■ **DESCRIPTION OF THE TASK**
Write out every record below exactly as given. Leave the pictures out.

■ **RECORD EXTRACTS**
◆ ◆ ◆ ◆ ◆

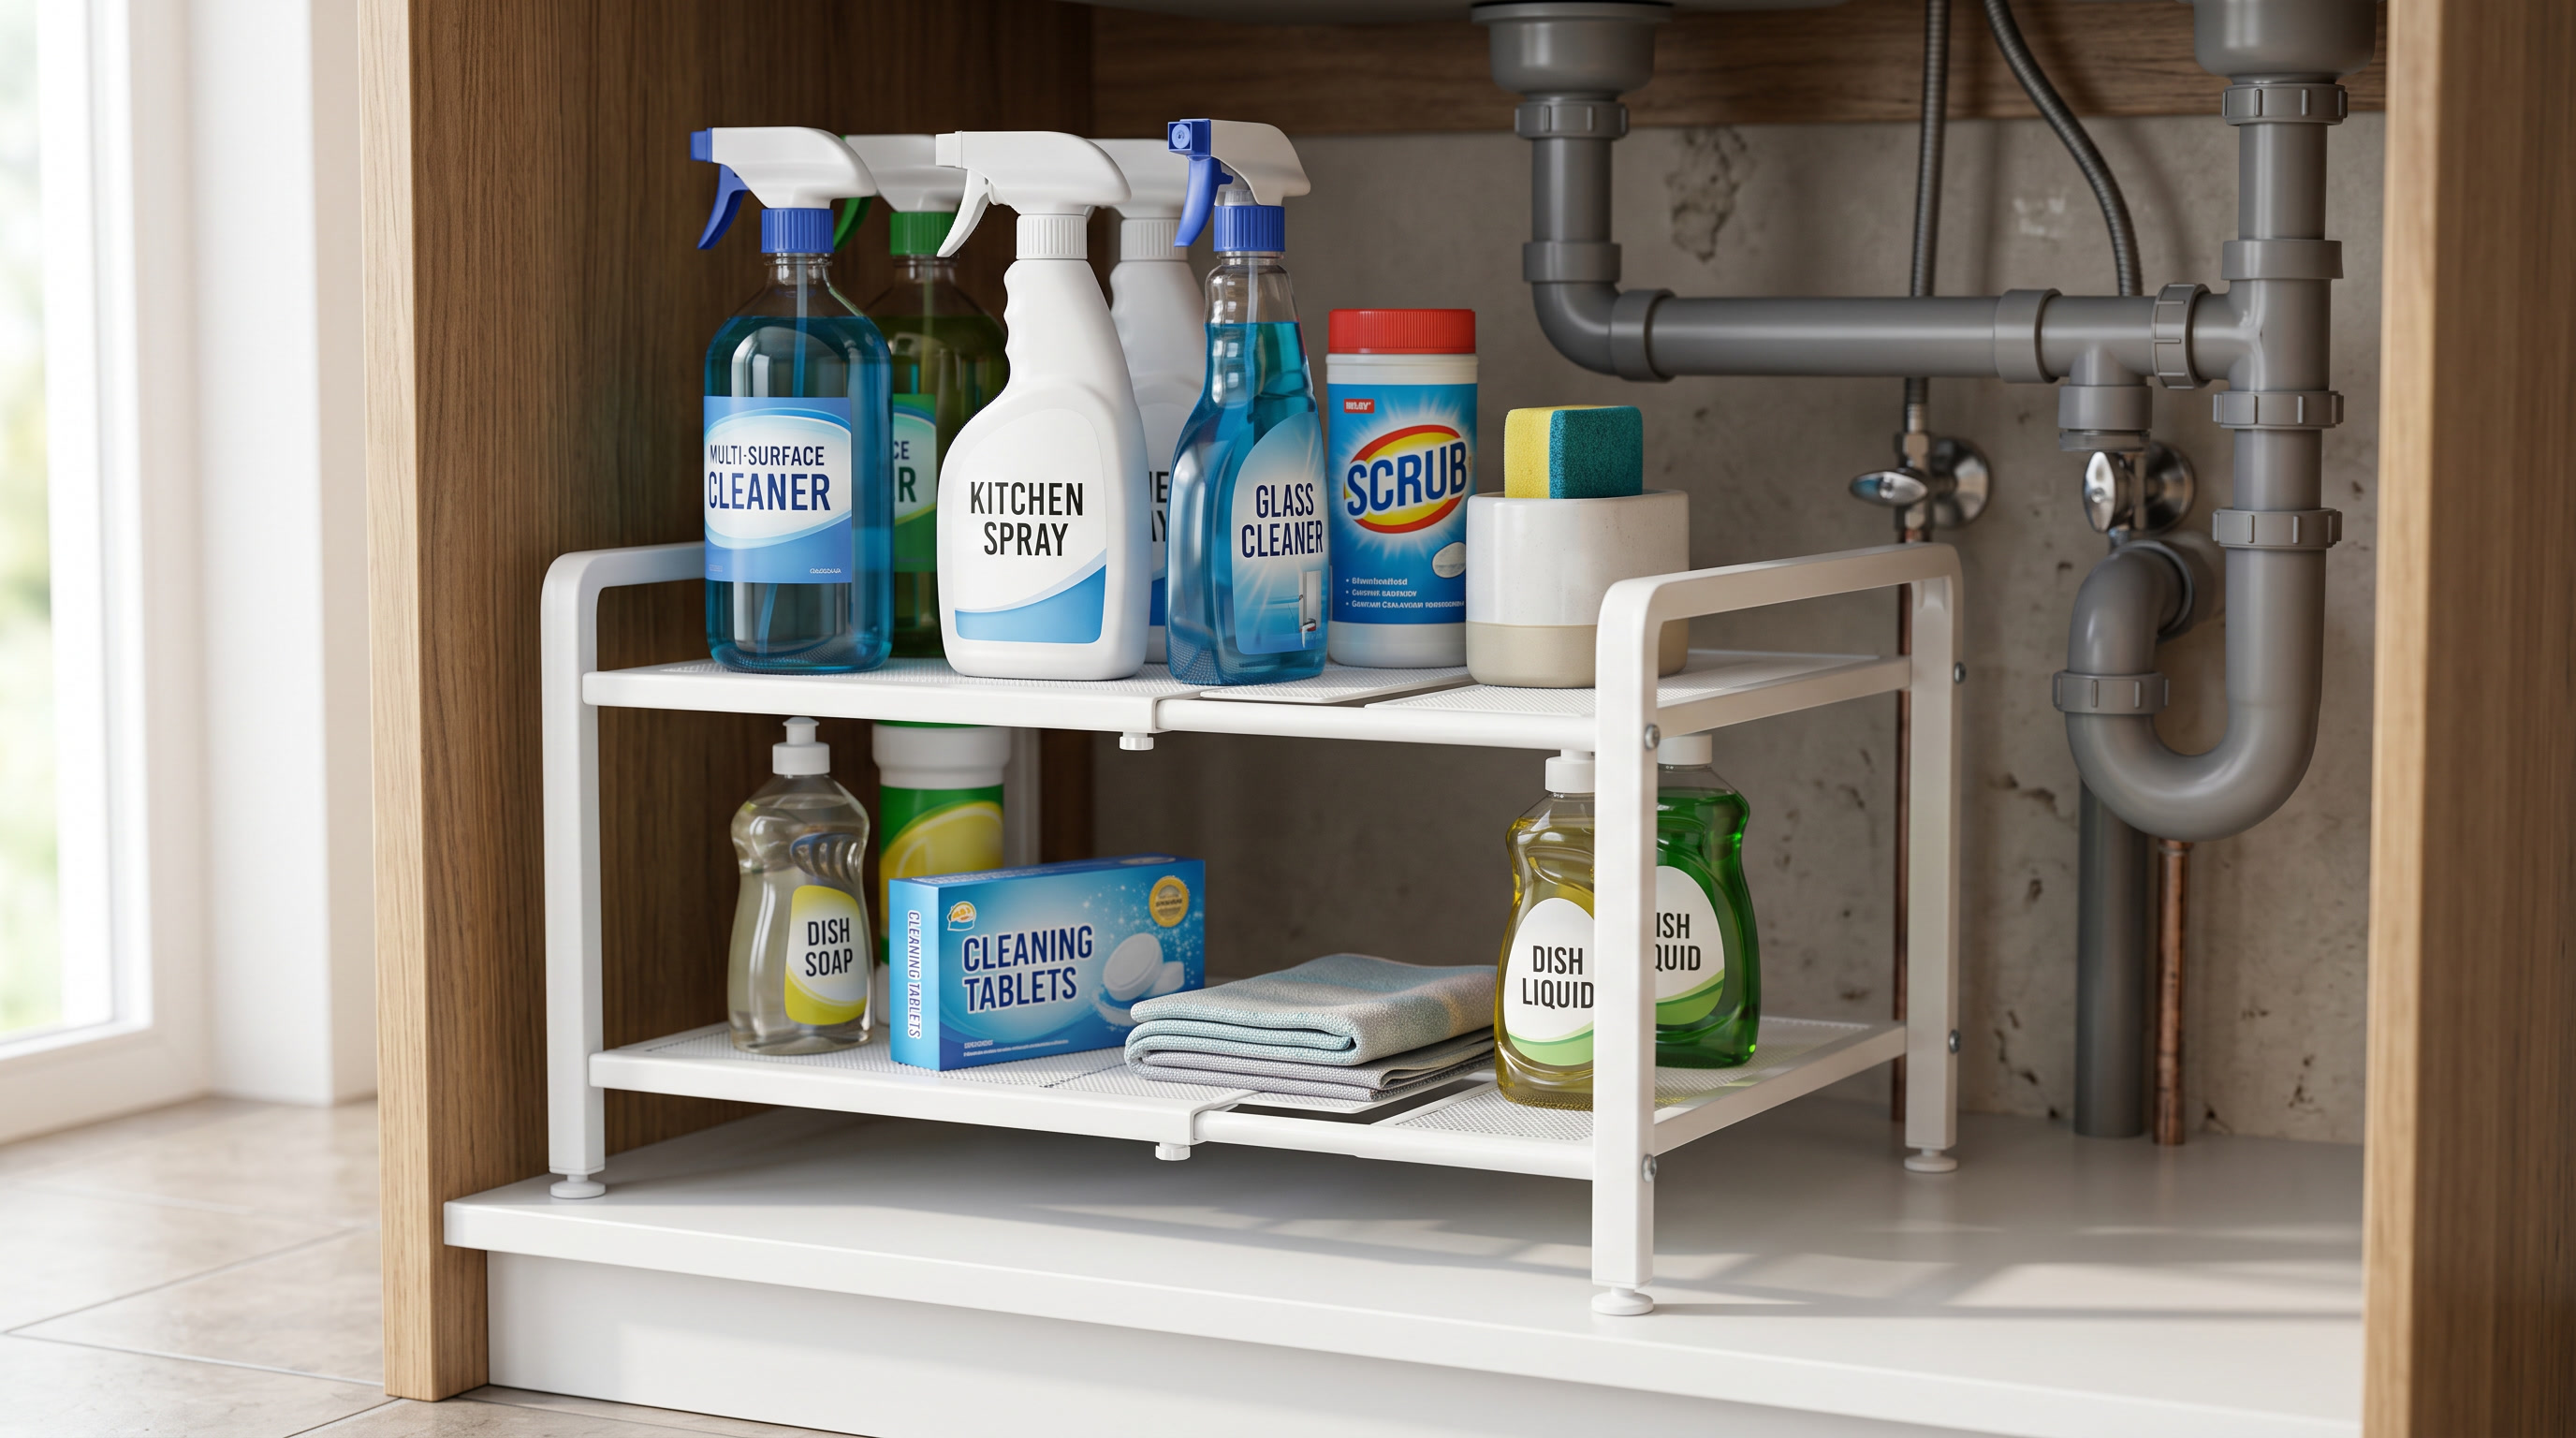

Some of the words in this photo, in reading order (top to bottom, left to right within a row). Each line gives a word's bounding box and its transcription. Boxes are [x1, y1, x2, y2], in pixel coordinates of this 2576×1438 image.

[710, 445, 825, 466] MULTI-SURFACE
[709, 471, 831, 511] CLEANER
[1347, 441, 1467, 516] SCRUB
[971, 481, 1083, 517] KITCHEN
[1255, 482, 1314, 519] GLASS
[984, 521, 1069, 557] SPRAY
[1241, 520, 1324, 559] CLEANER
[807, 917, 851, 946] DISH
[1656, 912, 1690, 939] ISH
[805, 947, 854, 977] SOAP
[908, 911, 920, 978] CLEANING
[963, 925, 1093, 972] CLEANING
[1532, 945, 1584, 976] DISH
[1655, 943, 1701, 973] QUID
[964, 967, 1077, 1013] TABLETS
[1522, 977, 1594, 1010] LIQUID
[908, 983, 921, 1038] TABLETS
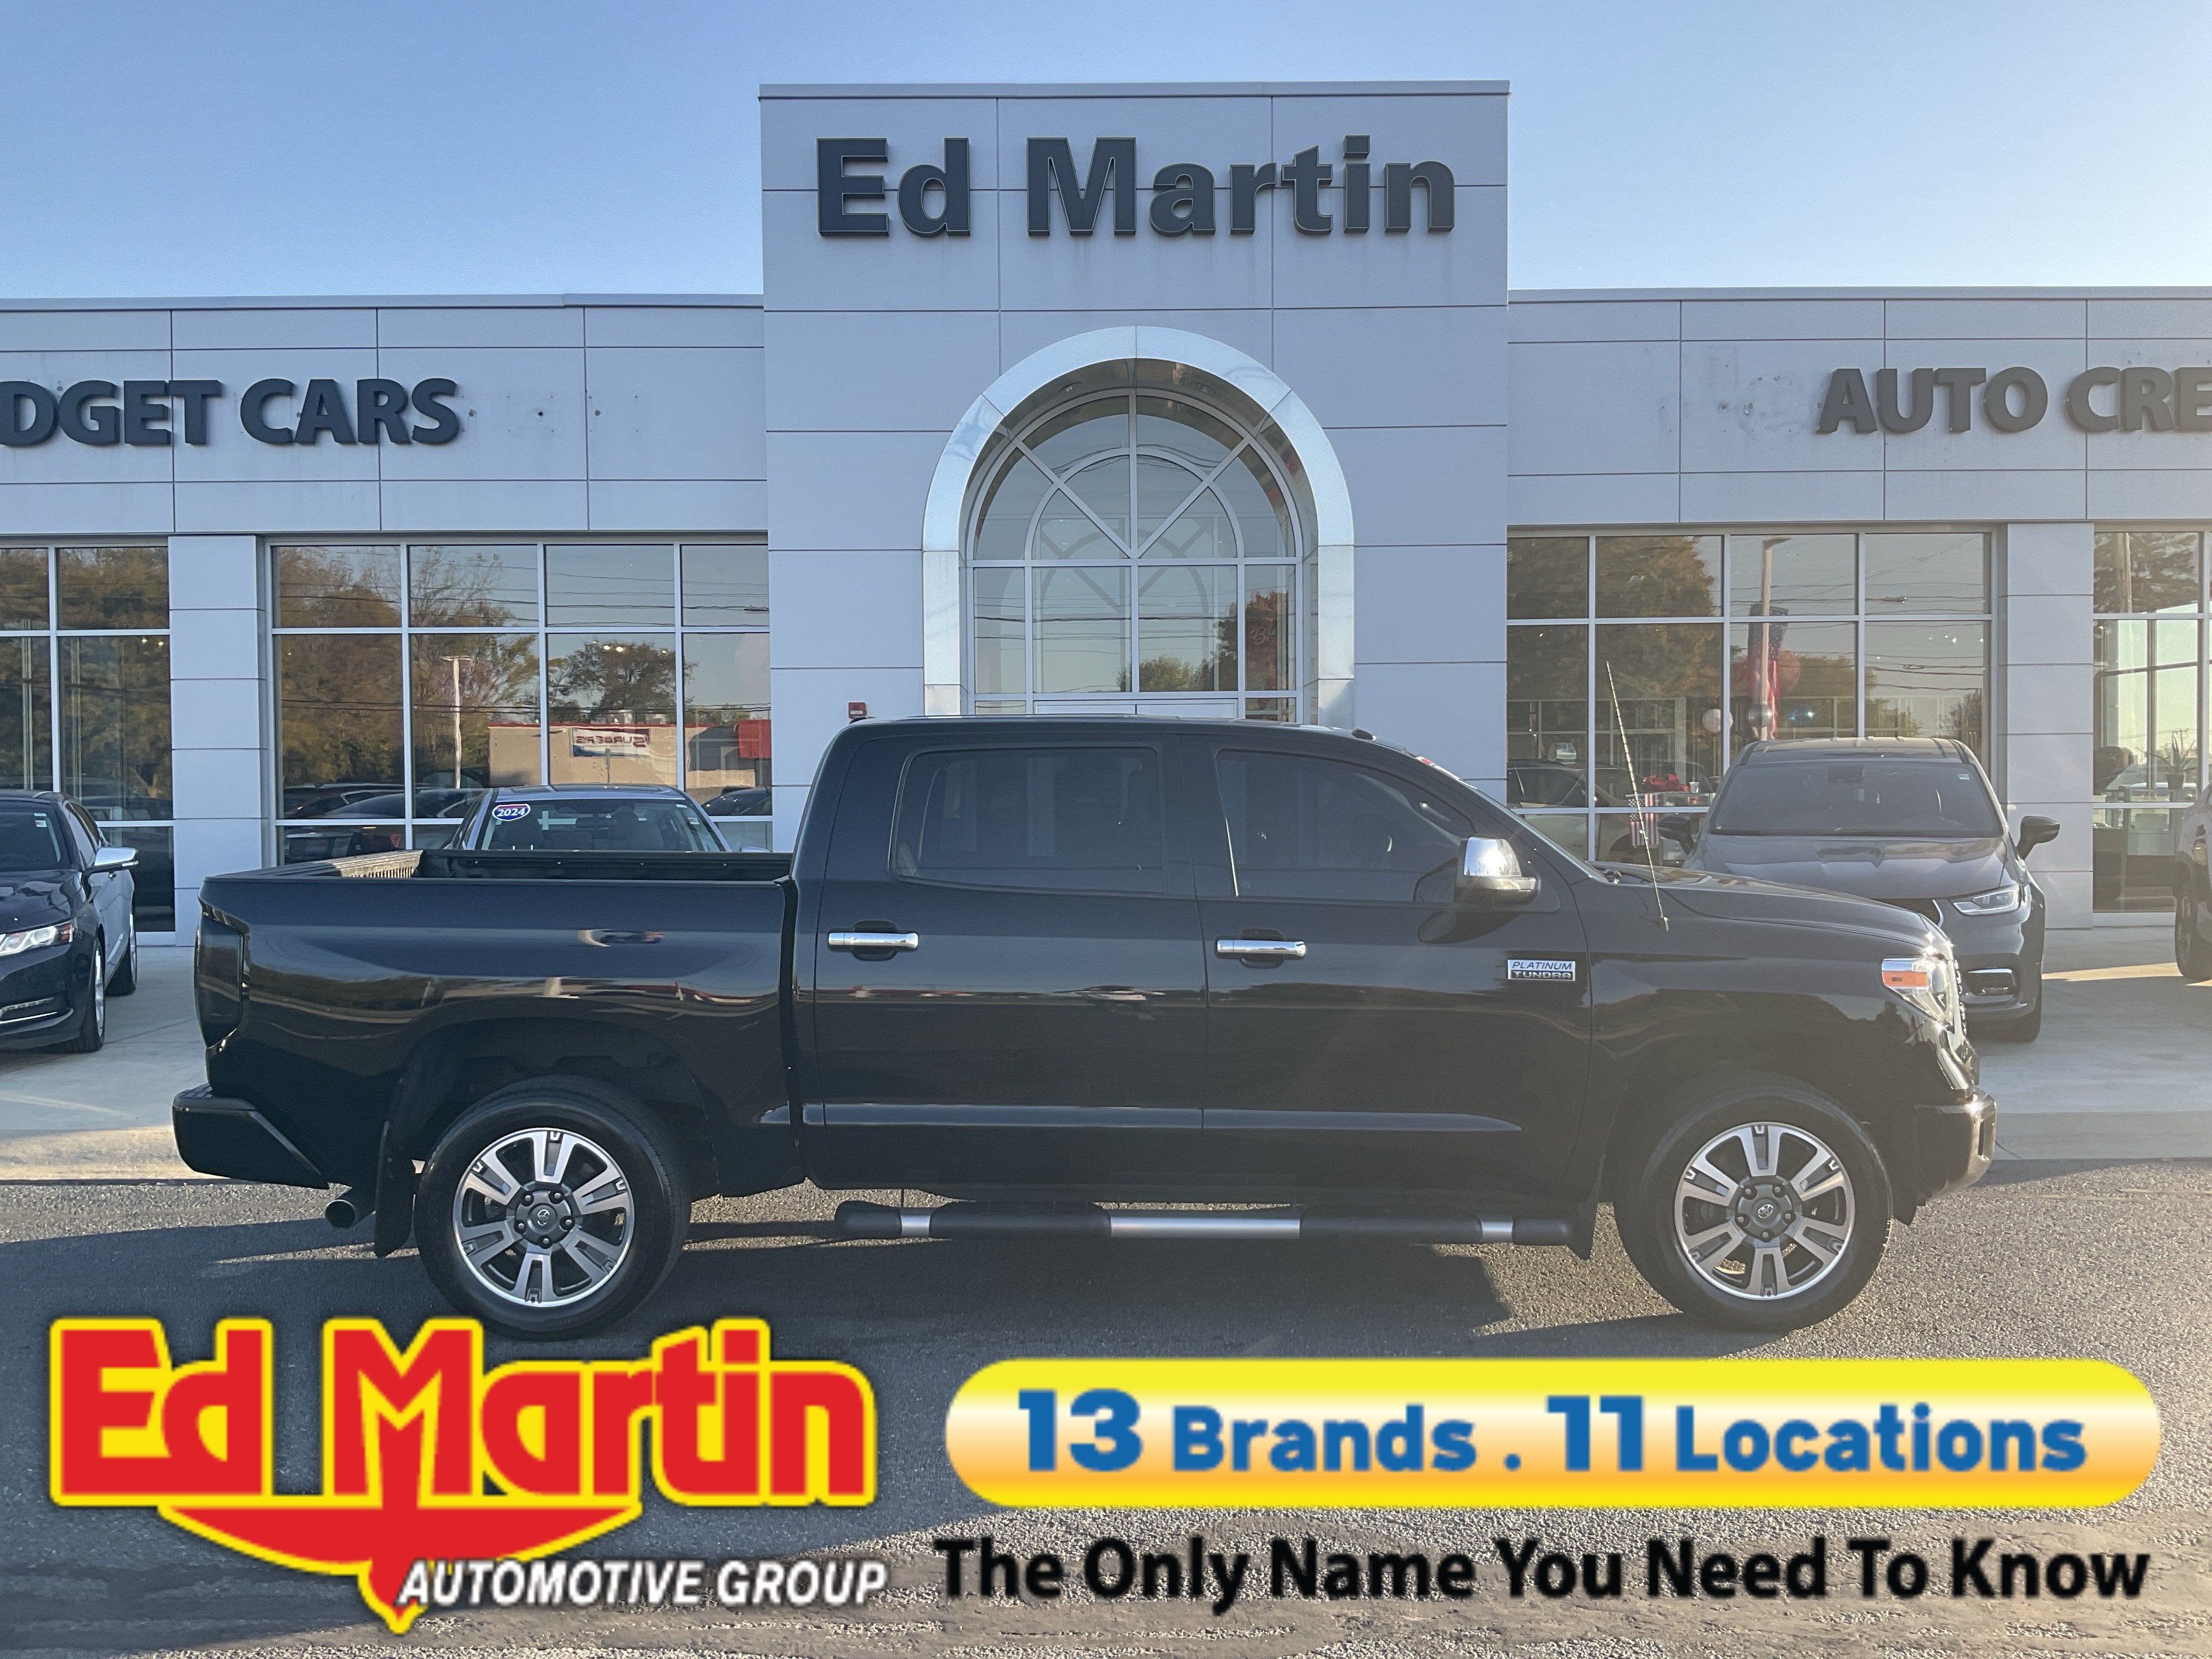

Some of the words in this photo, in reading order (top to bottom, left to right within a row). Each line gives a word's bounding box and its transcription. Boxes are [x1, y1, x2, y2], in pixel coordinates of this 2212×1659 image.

[816, 137, 970, 238] Ed
[1026, 135, 1455, 238] Martin
[0, 380, 222, 447] DGET
[240, 379, 461, 445] CARS
[1816, 366, 2049, 434] AUTO
[497, 808, 526, 817] 2024
[1512, 961, 1572, 970] PLATINUM
[1513, 971, 1572, 979] TUNDRA

◆ ◆ ◆ ◆ ◆

■ **EXERCISE RESULT**
Some of the words in this photo, in reading order (top to bottom, left to right within a row). Each line gives a word's bounding box and its transcription. Boxes are [x1, y1, x2, y2], in pixel coordinates of this 2576×1438 image.

[710, 445, 825, 466] MULTI-SURFACE
[709, 471, 831, 511] CLEANER
[1347, 441, 1467, 516] SCRUB
[971, 481, 1083, 517] KITCHEN
[1255, 482, 1314, 519] GLASS
[984, 521, 1069, 557] SPRAY
[1241, 520, 1324, 559] CLEANER
[807, 917, 851, 946] DISH
[1656, 912, 1690, 939] ISH
[805, 947, 854, 977] SOAP
[908, 911, 920, 978] CLEANING
[963, 925, 1093, 972] CLEANING
[1532, 945, 1584, 976] DISH
[1655, 943, 1701, 973] QUID
[964, 967, 1077, 1013] TABLETS
[1522, 977, 1594, 1010] LIQUID
[908, 983, 921, 1038] TABLETS

Some of the words in this photo, in reading order (top to bottom, left to right within a row). Each line gives a word's bounding box and its transcription. Boxes are [x1, y1, x2, y2], in pixel coordinates of this 2212×1659 image.

[816, 137, 970, 238] Ed
[1026, 135, 1455, 238] Martin
[0, 380, 222, 447] DGET
[240, 379, 461, 445] CARS
[1816, 366, 2049, 434] AUTO
[497, 808, 526, 817] 2024
[1512, 961, 1572, 970] PLATINUM
[1513, 971, 1572, 979] TUNDRA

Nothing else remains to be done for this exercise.